Darwin may not have discovered evolution—but he was the first person to cast the subject in a thoroughly scientific mode: Darwin in effect said that the pattern of nested resemblances that link up all organisms, the very pattern that underlies the Linnaean system codified a century before Darwin wrote On the Origin of Species (1859), arises as a necessary consequence of “descent with modification.” Homology; the resemblances among the embryos of “allied” species; the Linnaean system; the sequence in the fossil record of the simplest prokaryotes coming first, followed by single-celled eukaryotes and then, later, metazoans and metaphytes—all arise as predicted observations if evolution has in fact occurred.

But, that said, the variegated array of scientists who study evolution—especially the processes of evolution—realize that there is still much to be learned about the evolutionary process. And they disagree, often passionately, on what a complete theory of evolution (should it ever be achieved!) would look like. Some, whose focus arises mostly from the molecular revolution, argue that the core of the evolutionary process lies in the competition among genes for representation in the next generation; Dawkins’ (1976) notion of the “selfish gene” is perhaps the best known form of this argument. Others (like myself—e.g., Eldredge 2008) prefer a richer tapestry—where the structure of ecosystems, and the physical events that perturb those ecosystems, determines the context in which genetic variation is winnowed by natural selection. But all of the disparate parties in modern evolutionary biology trace their own “intellectual lineage” back to Darwin—thus we are all still “Darwinians.”
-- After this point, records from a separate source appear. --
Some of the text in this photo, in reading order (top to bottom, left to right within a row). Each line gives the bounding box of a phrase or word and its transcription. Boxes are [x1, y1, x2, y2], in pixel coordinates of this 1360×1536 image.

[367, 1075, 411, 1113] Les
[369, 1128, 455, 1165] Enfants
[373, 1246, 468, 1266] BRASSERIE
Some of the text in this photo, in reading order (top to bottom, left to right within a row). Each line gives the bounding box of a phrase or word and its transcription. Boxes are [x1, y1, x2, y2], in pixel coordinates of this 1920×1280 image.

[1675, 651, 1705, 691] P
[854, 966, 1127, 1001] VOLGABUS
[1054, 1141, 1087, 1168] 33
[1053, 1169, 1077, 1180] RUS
The main reason why Darwin’s name is still so closely tied both with the field of evolutionary biology that he founded, and in society at large, with the very notion of “evolution,” is simply that Western culture (not to mention the rest of the world!) has yet to fully absorb, digest—metabolize—the very idea of evolution. For Darwin saw that, if evolution has happened, it must have included our very own origins as well. And in doing such a magnificent job in establishing the scientific legitimacy of evolution in his Origin, he also threw the gauntlet down on the traditional, religiously imbued story of who we humans are and how we came to be here in the first place. And, of course, Darwin was keenly aware of the trouble he was to cause when he eventually found the courage to publish his evolutionary ideas. When, in 1844, he began to confide in relatives and some close professional colleagues that perhaps species were not “immutable” after all, he acknowledged his anxiety especially clearly when he wrote to the botanist Joseph Hooker that it is “like confessing a murder” (Darwin 1844).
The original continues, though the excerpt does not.